One more Mandela miracle

A Global diary

In death as in life, Nelson Mandela is inspirational. After days of sad, yet joyous, mourning throughout South Africa and beyond, the father of the Rainbow Nation was returned to the soil of Qunu. It was a farewell to be hailed. 

But, if it had been a long walk to freedom, the final journey to immortality was over in a moment. Mandela’s success in winning hearts and minds globally, of uniting black and white, young and old, and delivering democracy to his people, assures his place in the pantheon of universal humanitarian heroes. 

Iconologists fall out over who was greatest, but in 50 years who would better him? John F. Kennedy, Martin Luther King and Princess Diana touched hearts and minds for different reasons, but violent deaths sealed their place in history. 

Mother Teresa was tormented by doubts about faith. Mikhail Gorbachev bravely dismantled the Soviet Union tyranny, but he was a repentant oppressor, not the oppressed. 

Lech Wałęsa, the workers’ champion, fired a revolution in Poland; Václav Havel was the intellectual spirit of the Czechs; the Dalai Lama fights on for Tibet from exile; Aung San Suu Kyi scents victory as Burma inches towards democracy; Pakistan’s inspirational Malala Yousafzai, aged 16, bears a torch of hope for women and young people everywhere. But we have to go back to Mahatma Gandhi, assassinated in 1948, to find a Colossus to match Mandela. 

Gandhi’s political career began in South Africa, after his eviction from the firstclass carriage of a train at Maritzburg for being an Indian. He developed non-violent resistance to defend South Africa’s Indian community. His African legacy inspired Mandela. Both were lawyers. Both were unifiers. Both had an infinite forgiveness. Both won the respect of their opponents. Both had simple dignity and selflessness. Both were martyrs to their cause. 

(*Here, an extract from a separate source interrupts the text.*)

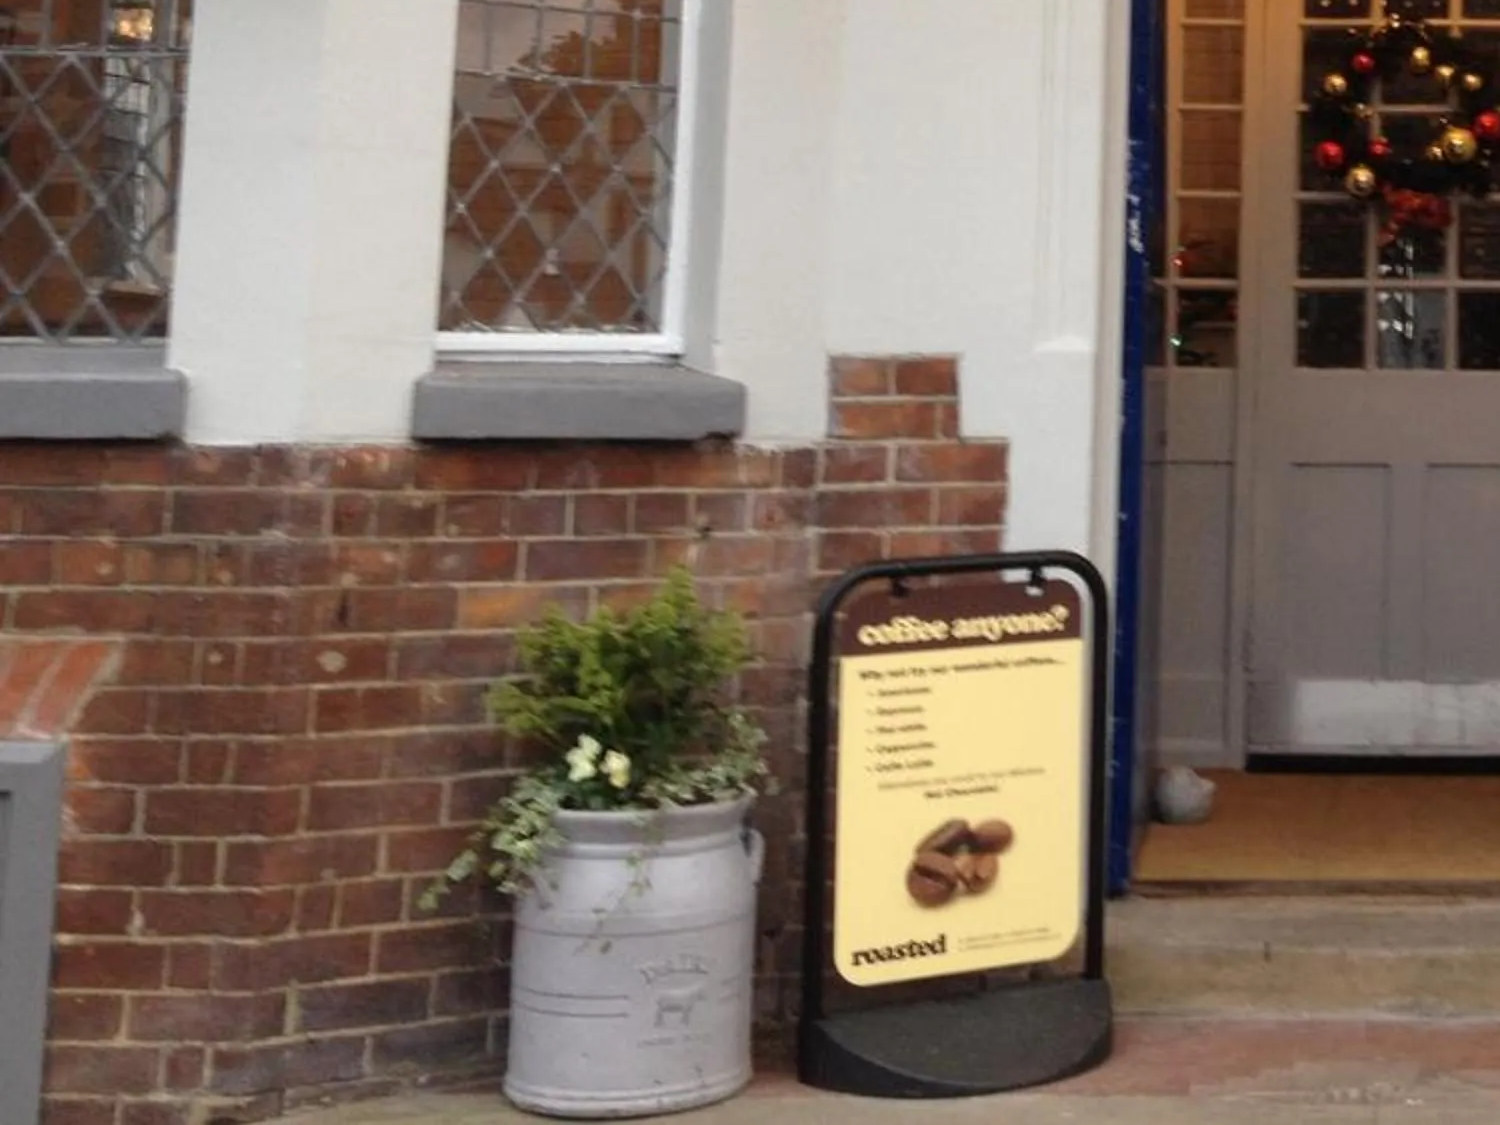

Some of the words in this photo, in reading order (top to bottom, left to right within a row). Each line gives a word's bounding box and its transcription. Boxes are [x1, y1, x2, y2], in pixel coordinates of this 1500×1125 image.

[857, 616, 949, 645] coffee
[951, 604, 1069, 641] anyone?
[851, 934, 947, 967] roasted
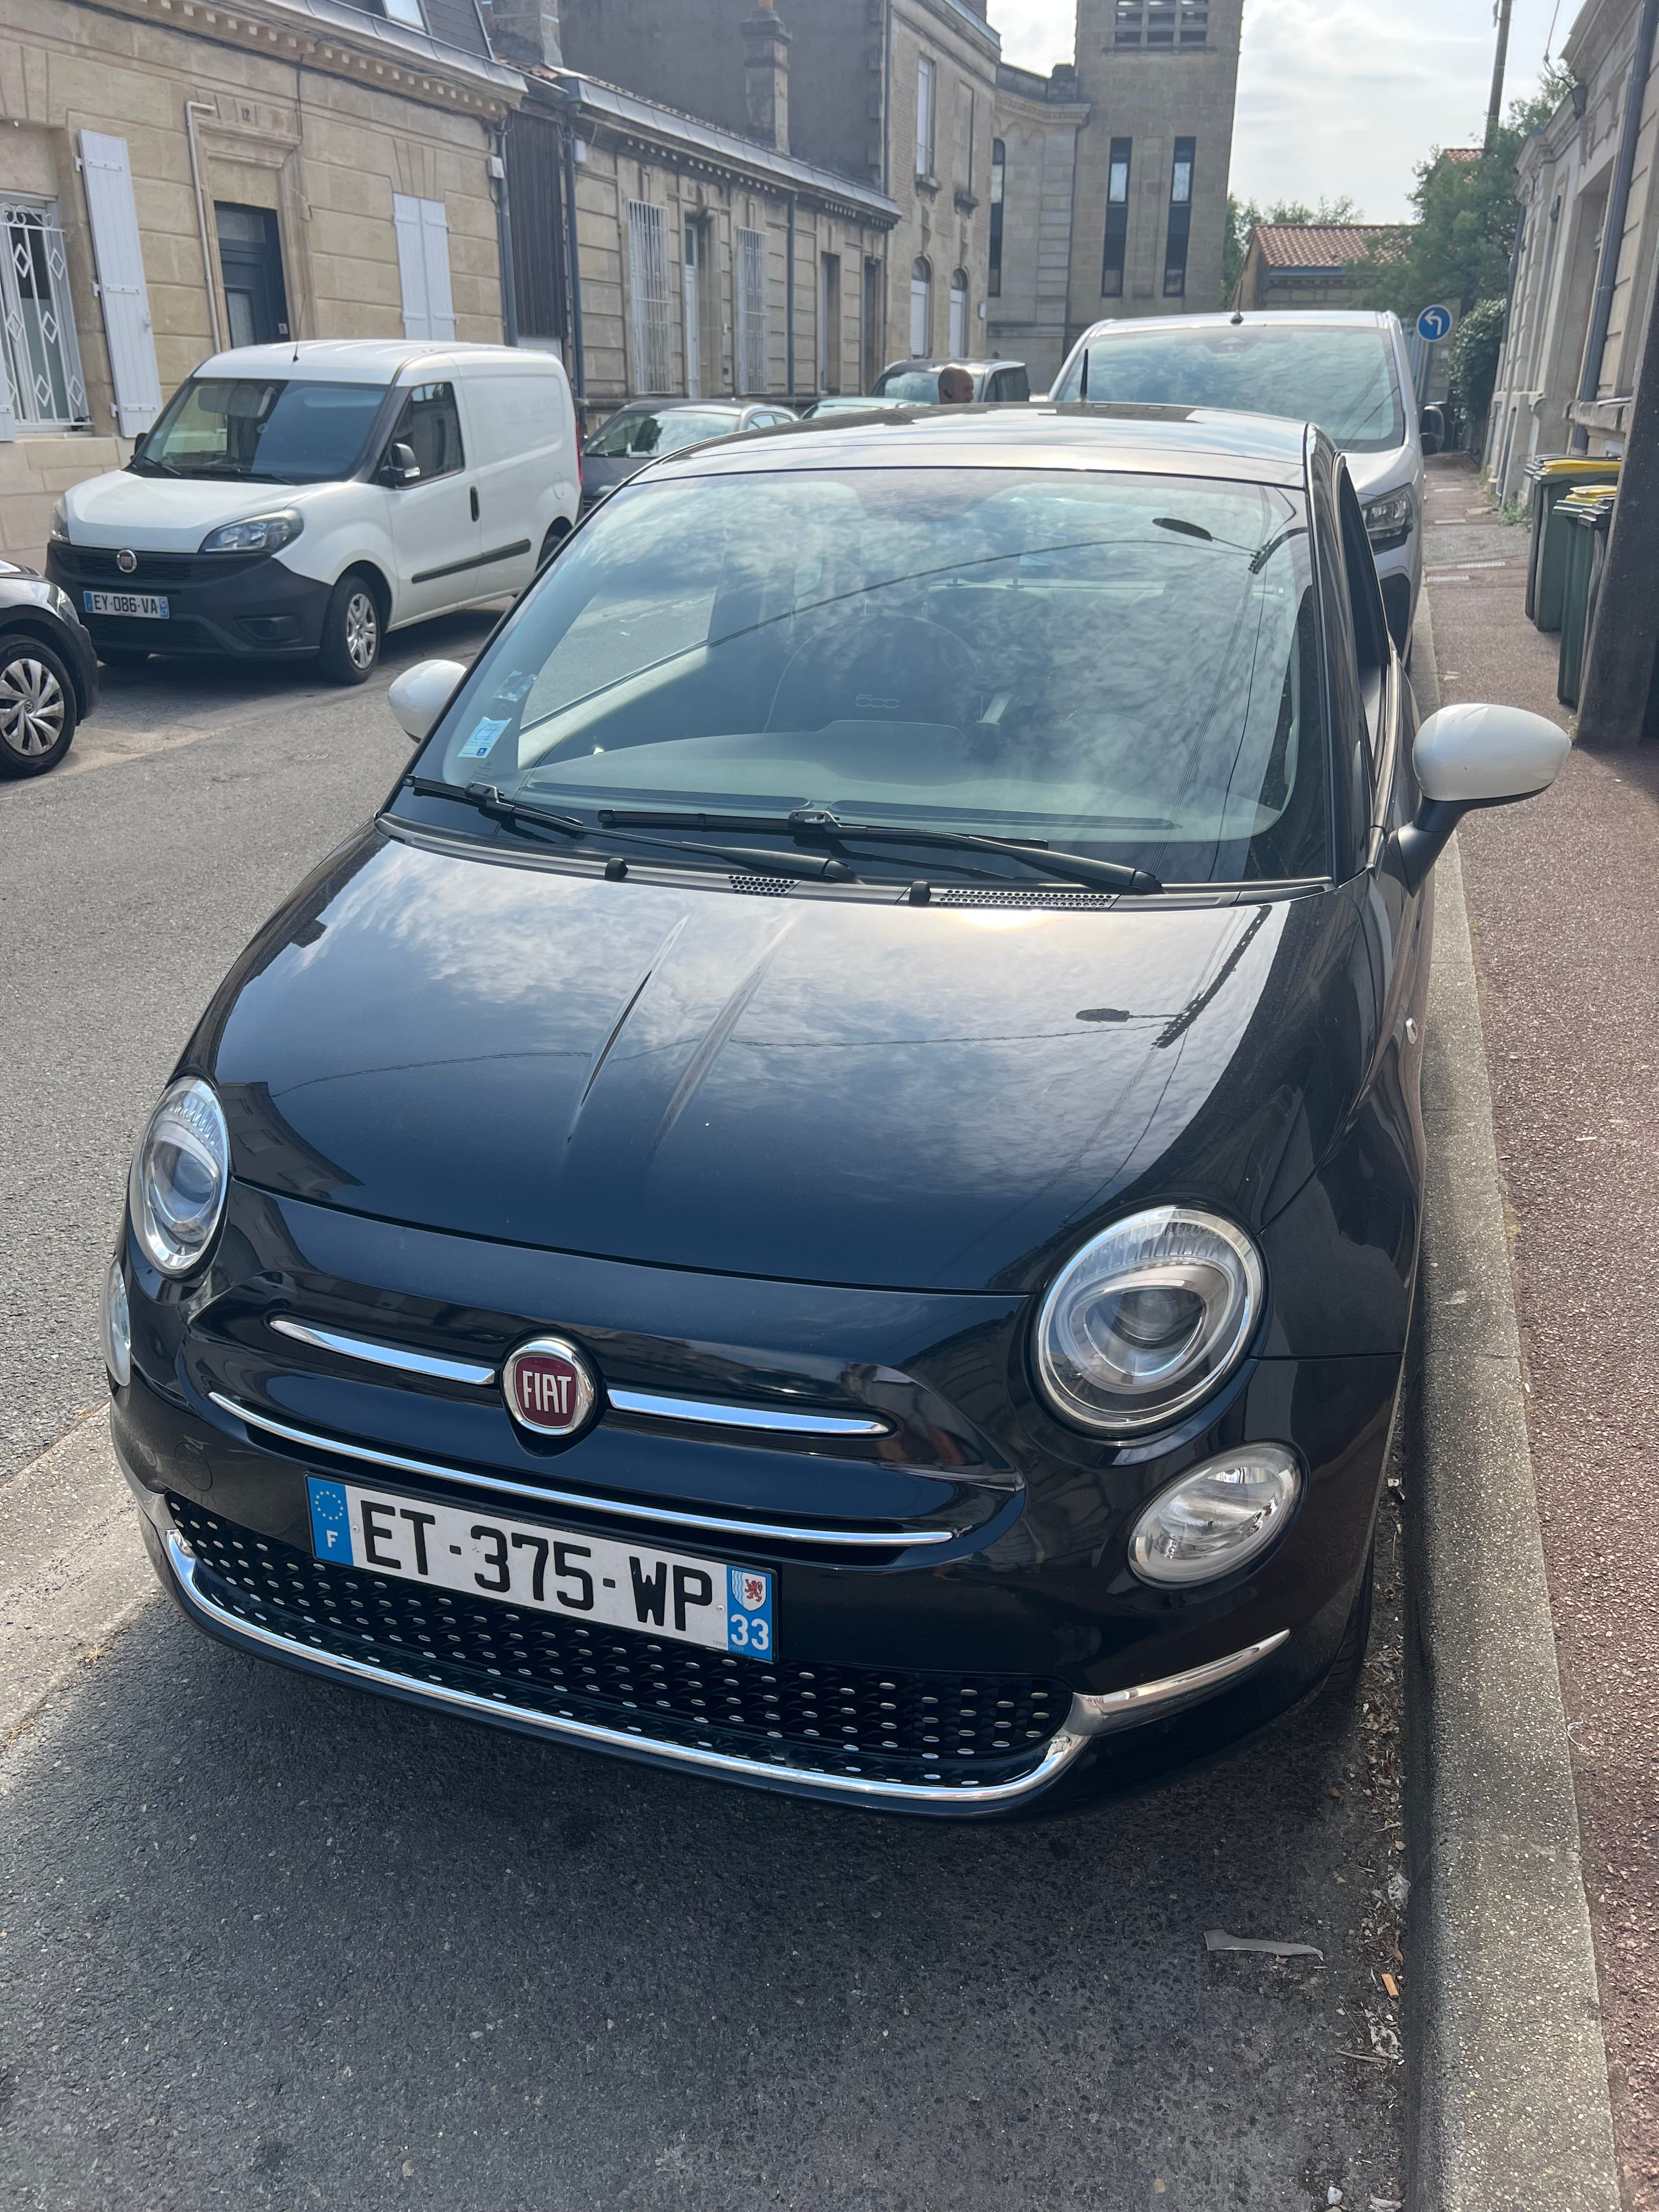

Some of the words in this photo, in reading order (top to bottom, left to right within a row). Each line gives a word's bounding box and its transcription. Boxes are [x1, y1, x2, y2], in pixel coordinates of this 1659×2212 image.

Arguably, Mandela was the more successful. India won independence, but was partitioned. Gandhi’s dream of one harmonious nation living in peace remained unfulfilled. Mandela, after 27 years in jail, actually delivered. He fought apartheid from within the walls of Robben Island jail. He succeeded in unifying his country, creating the Rainbow Nation, without the predicted bloodbath. He did it by force of will and the demonstration of magnanimity on a monumental scale that even Gandhi would have applauded. 

But they were strikingly different in style. While Gandhi was a saintly, dhoti-wearing ascetic of almost intimidating forbearance, humility and godlike self-discipline – sharing his celibate bed with young women to demonstrate his chastity – Mandela was the avuncular, beaming saviour in the adopted Springboks’ shirt, hugely approachable and with disarming charm, who embraced his enemies and held hands with the Spice Girls. 

He laughed off sainthood. “I am not a saint, unless you think of a saint as a sinner who keeps on trying,” he said. His genius was that he was the common man with the common touch: believable, human – and flawed. Perhaps he was even wrong about his own saintliness. Pope Francis, under whose pontificate an army of saints comes marching in, says they are not supermen, but ordinary people who follow God with all their heart. Mandela ticks those boxes, and more. His jail at Robben Island is already a grim shrine, albeit with fairy lights around the gates. 

He has already achieved one miracle: the transformation of South Africa from a racist state to democracy, without bitterness or bloodshed. Mandela was the glue that held it all together, reassuring blacks fearing a sell-out and whites afraid of violent anarchy. 

In a country still riven by inequality, it could unravel without him. South Africa needs a second miracle to ensure it does not. That falls now to Mandela’s ‘children’: those who lined the streets to say farewell. They owe it to him to finish the job he started. Not to award him an eternal legacy, but so he can finally rest in peace. 

Only then will Nelson Mandela be truly free.